- Assignment:
Nothing but the text of the records should come back; copy it exactly and leave the pictures out.

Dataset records
+++

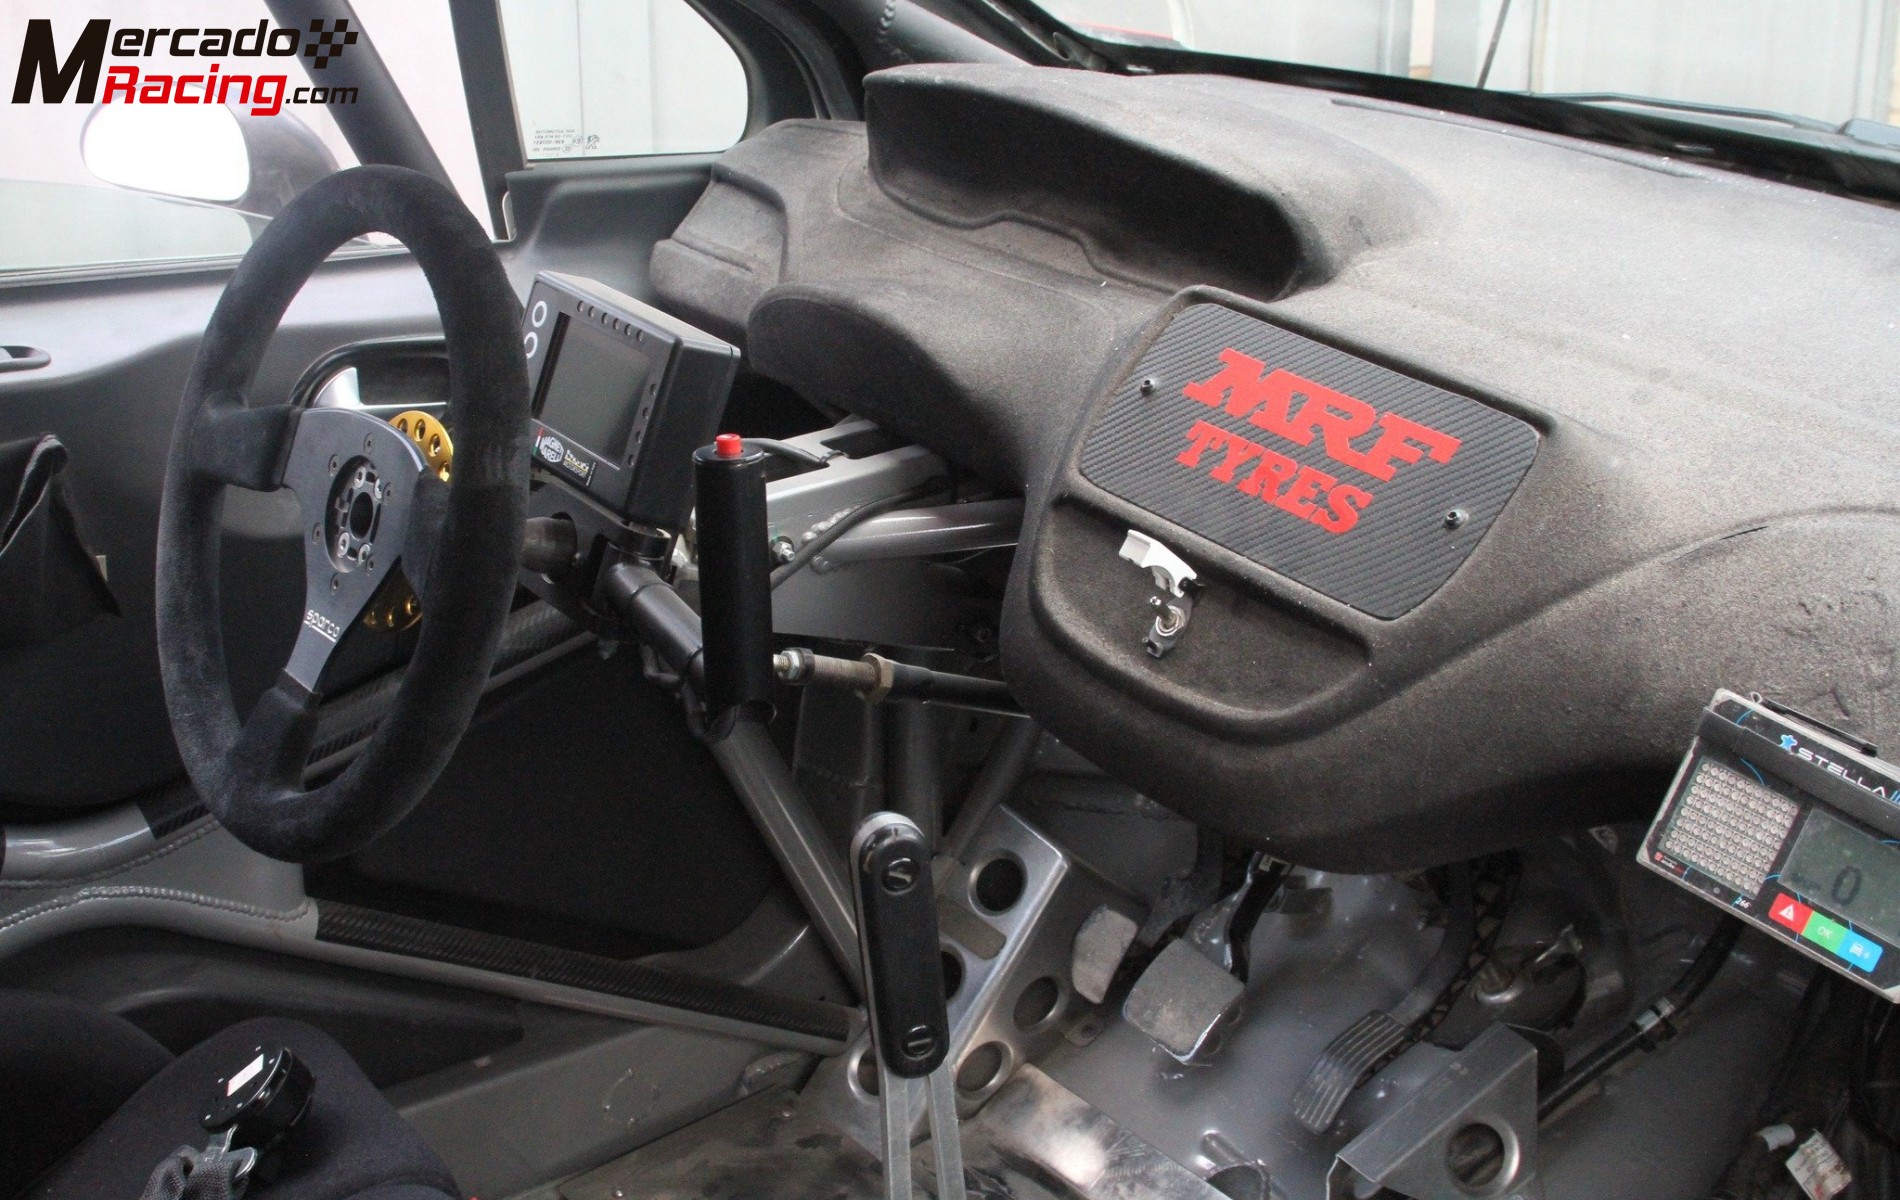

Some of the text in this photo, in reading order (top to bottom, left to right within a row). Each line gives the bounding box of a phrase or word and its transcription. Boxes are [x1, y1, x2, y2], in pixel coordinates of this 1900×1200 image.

[1182, 347, 1462, 482] MRF
[1174, 419, 1374, 534] TYRES
[306, 609, 341, 638] sparco
[1797, 747, 1886, 798] STELLA
[1817, 926, 1833, 940] OK

+++

- Answer to the problem:
Some of the text in this photo, in reading order (top to bottom, left to right within a row). Each line gives the bounding box of a phrase or word and its transcription. Boxes are [x1, y1, x2, y2], in pixel coordinates of this 1900×1200 image.

[1182, 347, 1462, 482] MRF
[1174, 419, 1374, 534] TYRES
[306, 609, 341, 638] sparco
[1797, 747, 1886, 798] STELLA
[1817, 926, 1833, 940] OK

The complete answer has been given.